Jesus Won It All (Hillsongs)

This is one of the songs which I'm hanging on to at this moment. Just want to share with all of you here.


Monday, 10 November 2008

10 Nov 2008 20:03 KFC Opposite Cathay Cinema

Almost 24 hours after knowing the truth that had been bothering me for the past three months, I'm in a total solitude with the Lord. What has lost will never come back to me, at least not for now. How long the suffering had been when I didn't know the truth! Though it still stabbed my heart and practically numbed my nervous system, I found back that part of me which went missing three months ago. For once again, I'm in awe of God's grace upon me. Once again, I see God's hands cupping my face, touching me who longed for that physical touch, breathing so near to me, telling me... "You are healed. Now go in peace." Though I still feel that immense loss, my First Love, my Ardent Lover, embraces me tightly, wanting to tell me how much He loves me. I know this suffering will join with His suffering, and at the break of dawn, hope will resurface. And I will be whole again.

I know this inability to sleep in the middle of the night for the past two nights is just short-term effect. I experienced that earlier when I was very sick with flu, cough, fever. Even with two types of medication which caused drowsiness, I would be wide awake in the middle of the night coughing my lungs out trying to breathe and cry and cough at the same time. This time, no cough, no flu, no fever. I just can't sleep. Perhaps I'm too scared to sleep, knowing that there will be a chance I might forget the surge of God's love flooding my empty heart. I don't want to forget, but every morning I woke up with such a void in it. Or maybe, my brain is figuring out how can I stand up again after this betrayal, this strange lie people told right into my face. Christ did, so I have to, even I'm so weak. Christ forgave Judas... Every day ever since July 2008, this strength to carry on is not mine, but His. If it were to be mine, I would have long gone down to hell. Thank God for Christ the strength and refuge for my soul.

Friday, 7 November 2008

I had manicure done in preparation for Lidz's wedding tomorrow... I kinda like the design... And I purchased a dress which I looked good in (finally!) in 1Borneo last night... It was a spur out of the moment kind of splurging on myself...

In fact, I'm missing someone who was so dearly to me that my heart is at the point of breaking again... Because of a person, everything changed. Now, nothing else for me in his life. How I wish things would be better. My heart is crying... I am crying.
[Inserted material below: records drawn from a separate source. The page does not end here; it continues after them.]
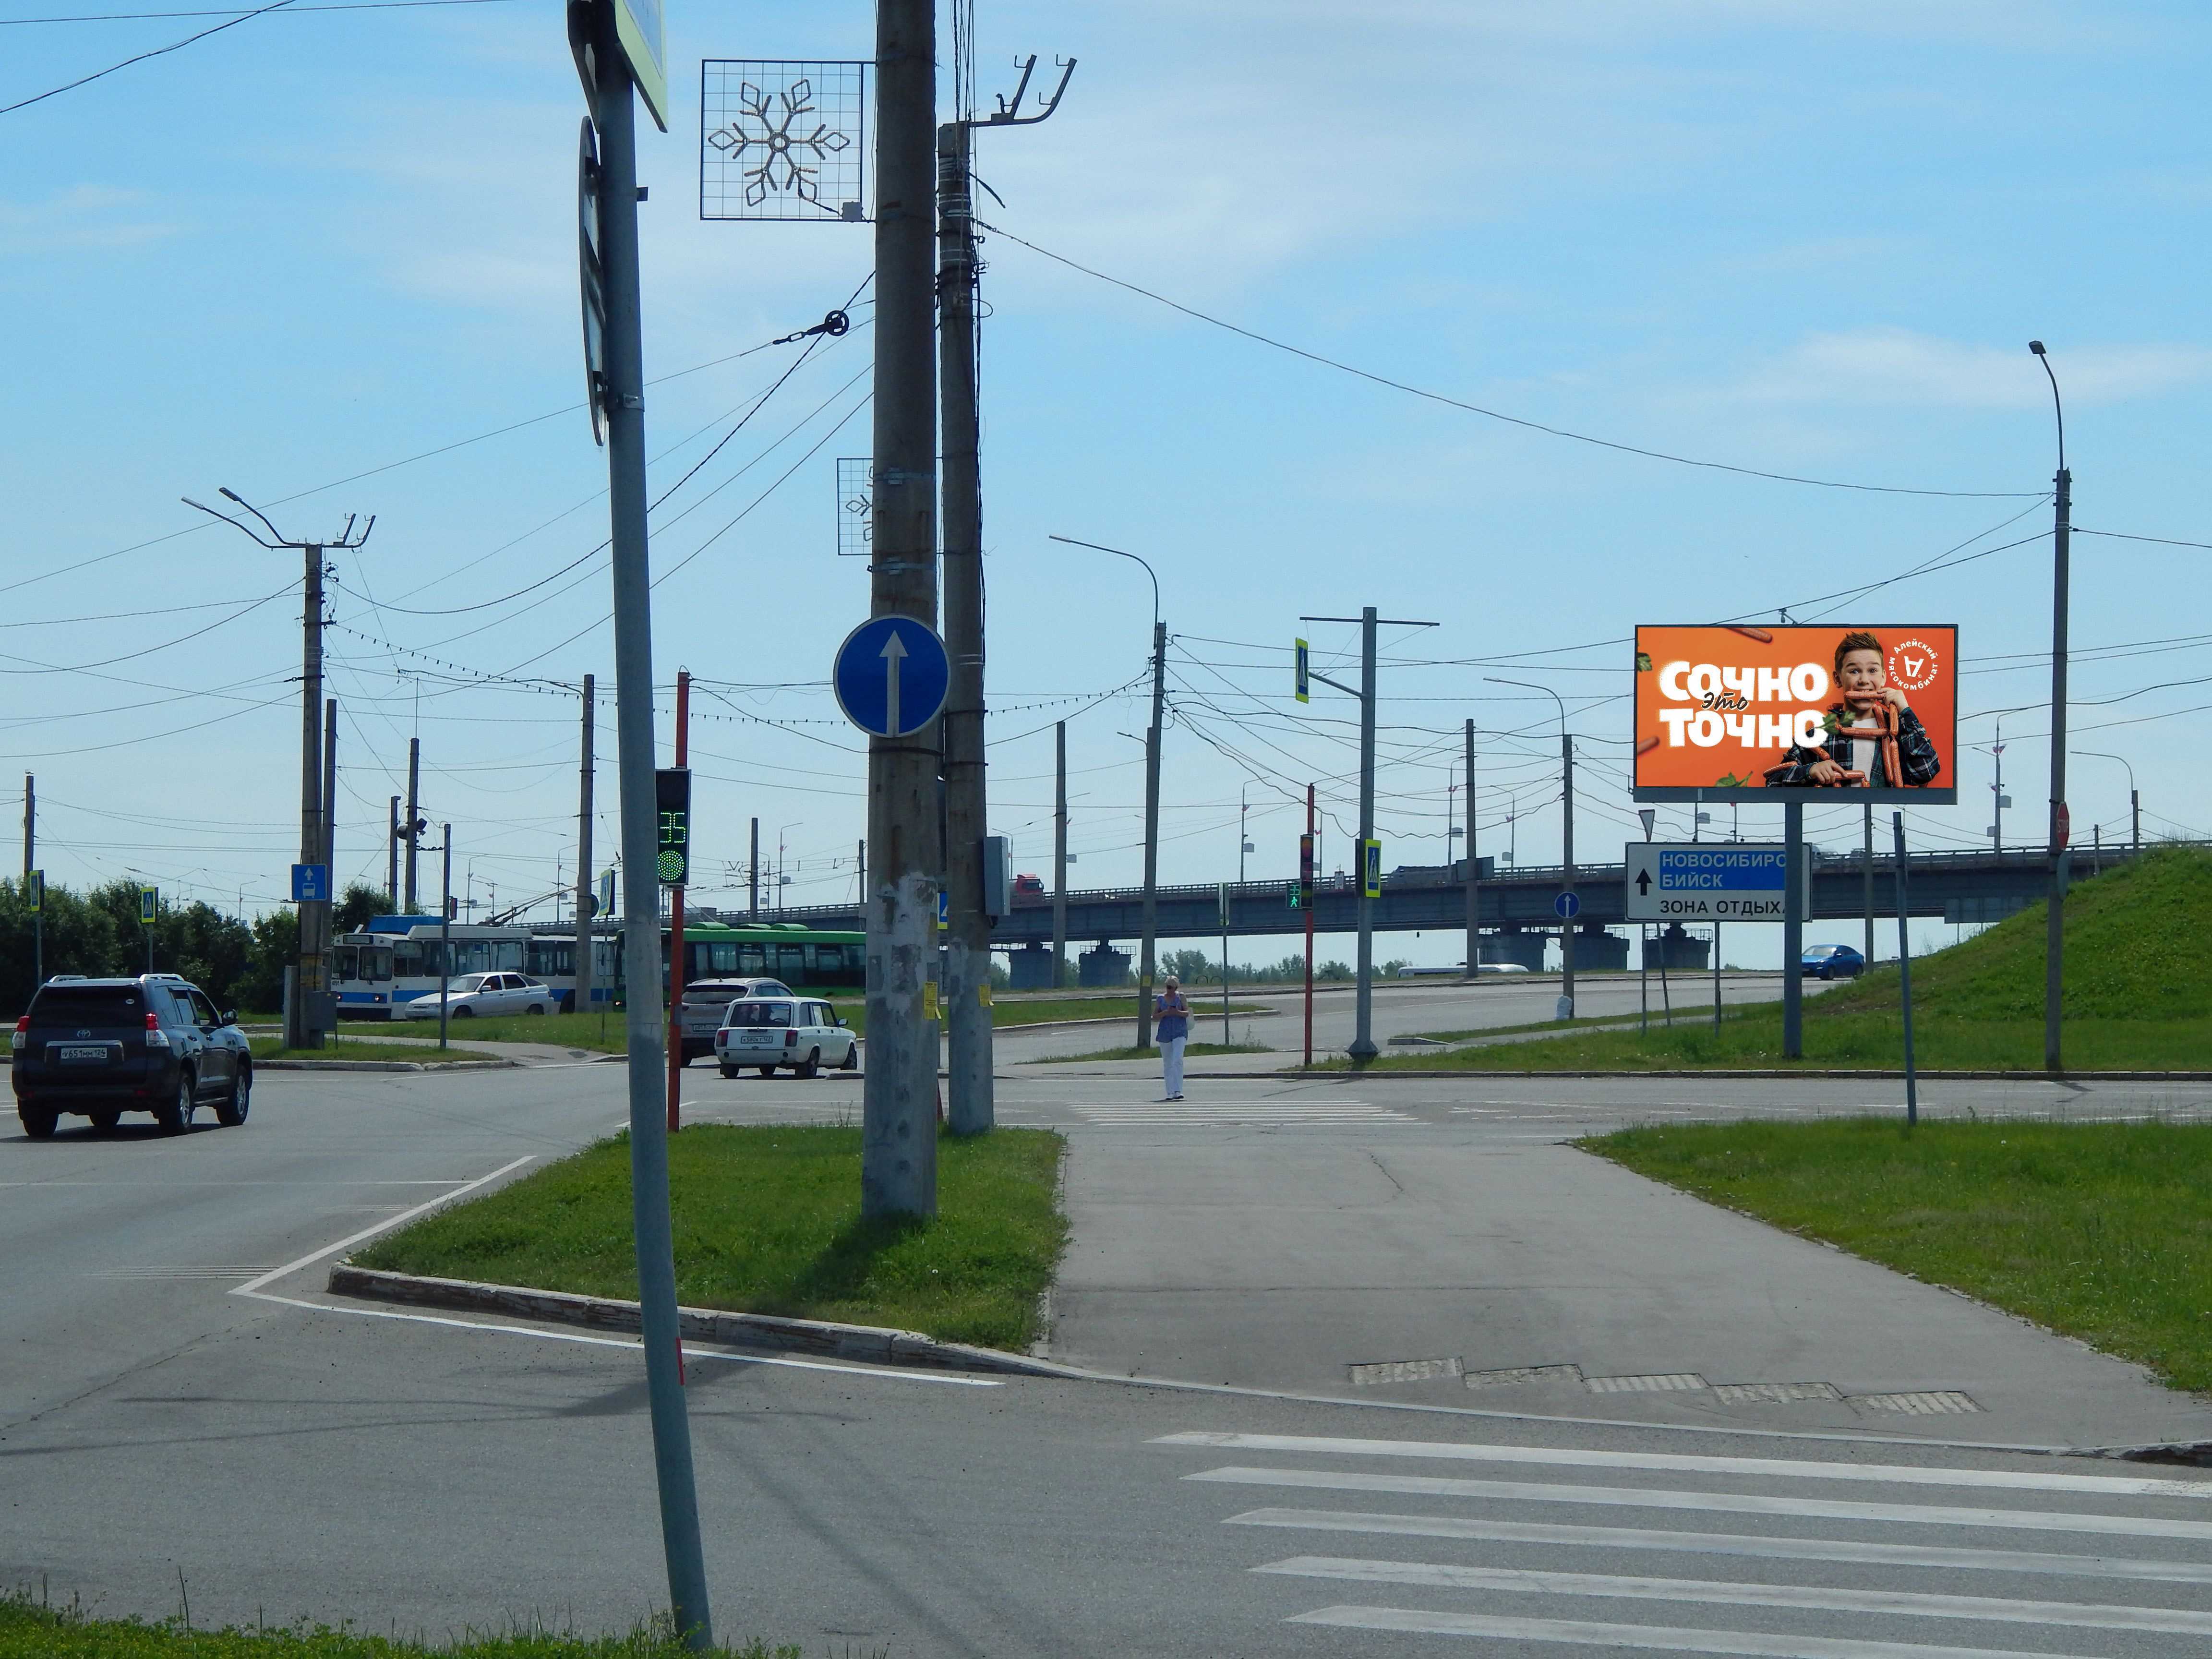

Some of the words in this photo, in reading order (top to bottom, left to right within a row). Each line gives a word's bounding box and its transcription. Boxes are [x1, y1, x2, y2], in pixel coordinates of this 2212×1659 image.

[1894, 638, 1938, 660] Алейский
[1659, 661, 1828, 702] СОЧНО
[1889, 657, 1938, 690] мясокомбинат
[1701, 692, 1749, 711] это
[1659, 708, 1828, 748] ТОЧНО
[660, 812, 685, 843] 35
[2058, 819, 2068, 833] STOP
[1662, 854, 1786, 867] НОВОСИБИРС
[1662, 872, 1723, 887] БИЙСК
[1660, 900, 1708, 913] ЗОНА
[1716, 901, 1785, 916] ОТДЫХ
Where is the love of God that we used to share? Where is the care and concern we used to share? Where is the vision we shared? Where are you now?

All seems to have gone beyond hopes, nothing else seems to left, just because of that person. I've tried to be nice to that person, but eventually I lost all I cherish to her. Such a joke in my life.
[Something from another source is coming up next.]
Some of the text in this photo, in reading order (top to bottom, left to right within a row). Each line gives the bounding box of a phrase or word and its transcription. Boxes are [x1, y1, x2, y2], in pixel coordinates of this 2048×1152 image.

No, I can't take it, I seriously can't. Why in the world she must come into our lives and wrecked mine into pieces? WHY?

I'm losing hope... Even some high authority in a certain group attacks me because of what I posted on FB. I don't even know it was a crime to thank a person whom I cherish and also a person who cared for me a lot in the past. Now, I'm like a boat without a sail, bobbing up and down in the middle of the wide ocean, fears surrounding in the darkness. Once an event was a joy which I cherished, now becomes a nightmare which I'd rather forget.

So the person has light to guide the person whom I cherish to shore. So the person whom I cherish followed her and left me here.

My God will bring me back, I know I'm not alone. Oh mankind! How blind are you to His hand! How unworthy I am to deserve His love for me!

Tuesday, 4 November 2008

Tagged by Joanne Wee

1) Do you think you're hot
- I guess I'm sexy somehow... Is that considered as hot??


2) Upload your favourite picture of you!


3) Why do you like that picture?
- The smile function on uncle's new toy, his brother's camera and the white teeth combined with the "in the dark coz ngam ngam black out in lintas" scenario. It was as pure as cotton wool, without any intention.


4) When was the last time you ate pizza ?
- Deepavali - Lidz's sister's birthday in her house...


5) The last song you listen to ?
- The Music of the Night by Michael Crawford (The Phantom of the Opera)


6) What are you doing right now besides this ?
- Listening to my fav OST from The Phantom of the Opera, checking FB's Friends for Sale


7) What name would you prefer besides yours ?
- Judith


People to tag:
- Joanne Wee (again)
- Karen Chin (unsure if she would do anything about it)
- Denis Tsen (i don't think he's my avid reader, nor anything near to it)
- BY (a stalker of blogs, if she ever stumbles into this, she would know it's her I'm referring to)


8) Who is number one?
- My CG member, the one who sent me this tagging thingy


9) Number three is having a relationship with?
- I no longer have an idea who is he having a relationship with... He knows himself best his current status and current relationship.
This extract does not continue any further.